Marketing your products and services can be complicated if you use a single main company website for all your digital marketing efforts. Maybe your website doesn't give you enough pages or space to highlight the important features of your unique brand, or perhaps you're launching a new initiative and want it to stand out from your core business functions.

Whatever the case, consider using a microsite to fulfill your needs. Microsites can help your brand stand out while allowing you to market to subsets of your audience and create highly targeted campaigns. Doing so can provide customers with more information than you could on your main website or a simple landing page.

Unlike your primary website, microsites focus on one core aspect of your business, such as a product line, event, or individual campaign. Whether you have a brand you want to showcase or an event you wish to promote, a microsite can ensure your content stands out and attracts the right audience.

What is a microsite? Microsite definition

Microsite definition

What is a microsite? A microsite is a website that promotes a company's products, services, campaigns, events, or entire brand. The definition of a microsite encompasses many different things; they're small websites or single web pages that use a different domain or subdomain, separating them from the company's main website. Ultimately, a microsite acts as a separate website for a single company, but it may convey a unique message that differs from the business' everyday website.

Microsites are typically temporary but can be used long-term, depending on their purposes. For example, microsites can help you target specific buyer personas or build campaigns for products or services. Think of it this way: Say you have a company that consists of multiple brands, each with its own identity and personality. Instead of combining all the different graphic elements that separate your brands and their audiences, you can use microsites for each brand's digital marketing campaign to target the right audience.
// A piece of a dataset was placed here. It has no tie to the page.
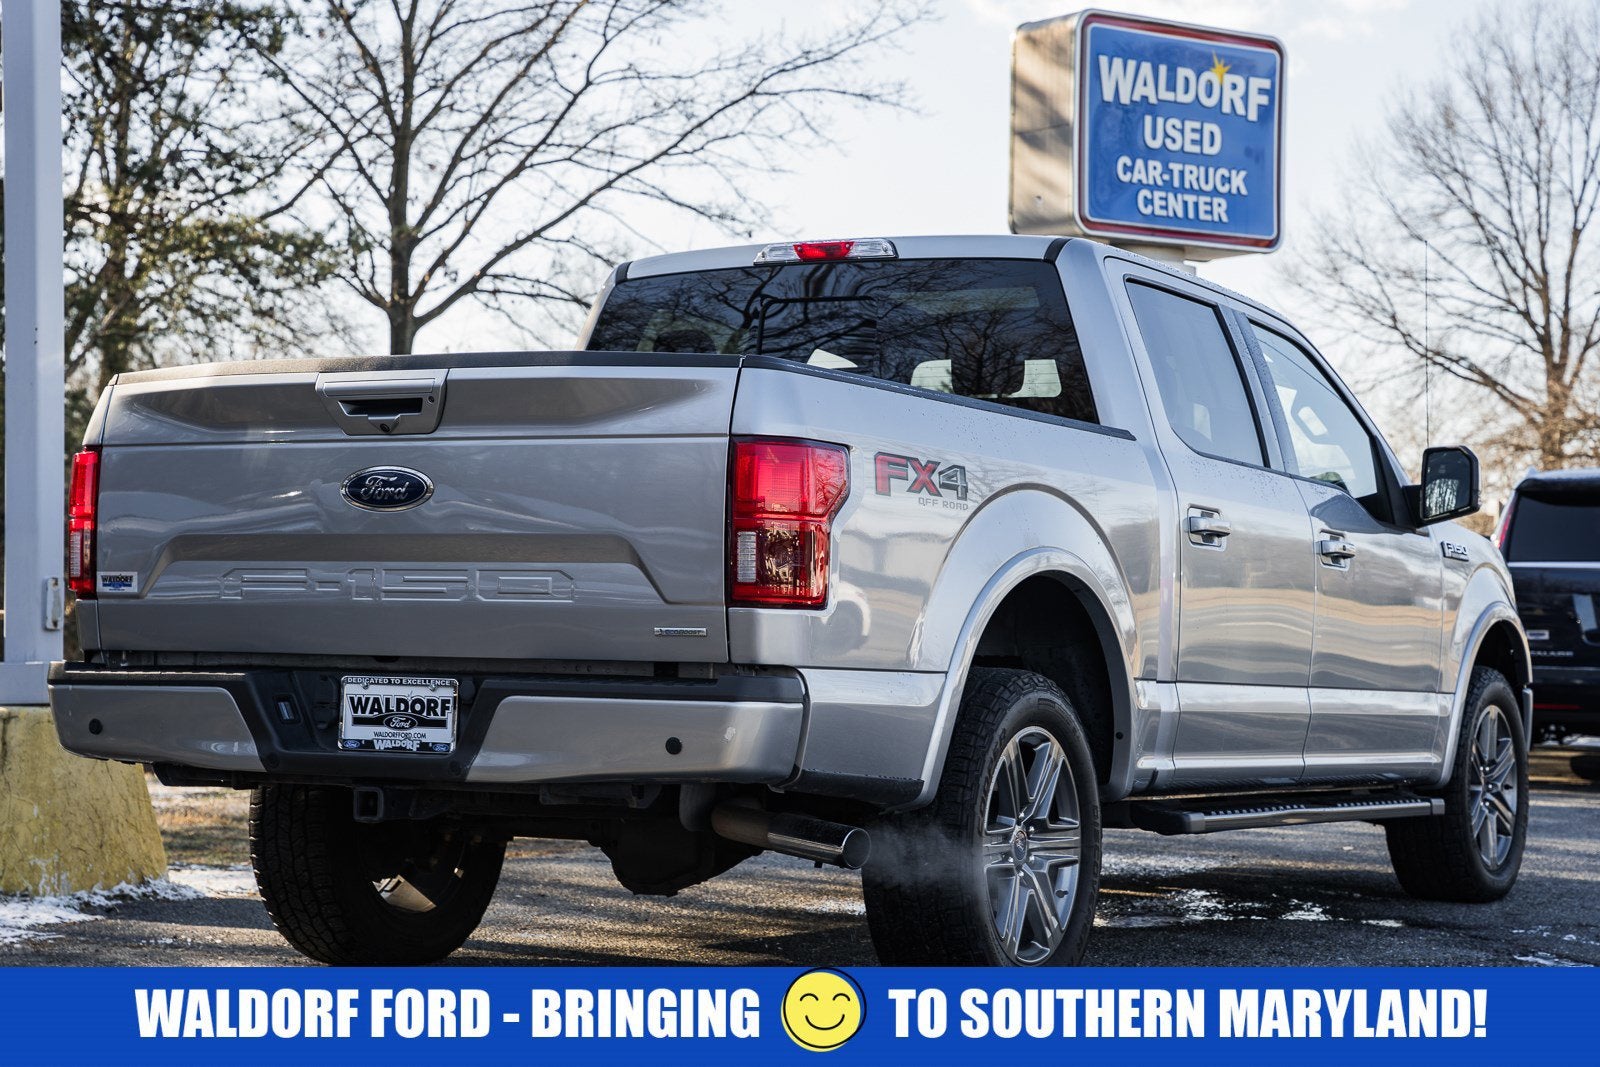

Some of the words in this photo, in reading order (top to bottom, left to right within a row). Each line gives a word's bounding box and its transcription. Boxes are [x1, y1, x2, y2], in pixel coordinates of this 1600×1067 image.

Microsite vs. website vs. landing page

To understand what a microsite is, you should know what a microsite isn't. A microsite is built for a specific purpose and is not a website or landing page. Microsites are small, but that doesn't mean they're small company websites.
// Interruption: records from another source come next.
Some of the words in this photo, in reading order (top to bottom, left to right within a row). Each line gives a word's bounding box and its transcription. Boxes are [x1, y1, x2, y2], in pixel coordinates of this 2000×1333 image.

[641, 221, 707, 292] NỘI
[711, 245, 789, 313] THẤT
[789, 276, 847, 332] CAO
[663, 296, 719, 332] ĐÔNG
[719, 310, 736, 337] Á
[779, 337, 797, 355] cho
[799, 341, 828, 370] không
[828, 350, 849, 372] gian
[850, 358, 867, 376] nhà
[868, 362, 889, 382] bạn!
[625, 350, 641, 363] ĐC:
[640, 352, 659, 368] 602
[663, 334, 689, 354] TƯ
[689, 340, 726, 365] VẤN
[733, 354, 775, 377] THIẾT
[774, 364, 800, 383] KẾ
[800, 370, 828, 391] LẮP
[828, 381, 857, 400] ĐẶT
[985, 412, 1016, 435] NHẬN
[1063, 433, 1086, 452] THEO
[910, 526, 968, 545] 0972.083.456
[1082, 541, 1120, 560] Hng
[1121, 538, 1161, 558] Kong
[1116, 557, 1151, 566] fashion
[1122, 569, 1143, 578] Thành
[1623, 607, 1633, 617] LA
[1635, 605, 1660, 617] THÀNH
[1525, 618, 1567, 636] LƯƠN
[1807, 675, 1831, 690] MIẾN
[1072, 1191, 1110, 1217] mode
Instead, microsites are sub-websites that focus on a campaign, product, or service rather than the entire company and its offerings. In addition, microsites are not landing pages. While they can be single-paged, microsites allow for more goals than generating leads and can help visitors make informed decisions by providing more content.

Microsites are not websites

Microsites are technically websites, but they're not the same type of business website you may already have. The difference between a microsite and a company website is their goals and purposes. For example, your business or main website likely lists all your product or service offerings, shares your brand story, and was built to drive sales or lead generation efforts.

On the other hand, the definition of a microsite is a small website that's created to serve many different purposes. These websites are usually smaller and separate from your primary website, allowing you to build targeted campaigns for specific initiatives, brands, or audiences. For example, microsites typically aim to increase awareness and conversions. And they have a different domain or use a subdomain to set them apart from the core functions of your business website.

Microsites are not landing pages

While microsites can be single-paged websites, they're not the same as a landing or splash page. Landing pages are often focused on a specific goal, such as conversions. However, a landing page is designed as a single page within a website and features minimal design. In contrast, microsites may have the same goals as a landing page and be single-paged, but they offer more content and information about a brand or campaign.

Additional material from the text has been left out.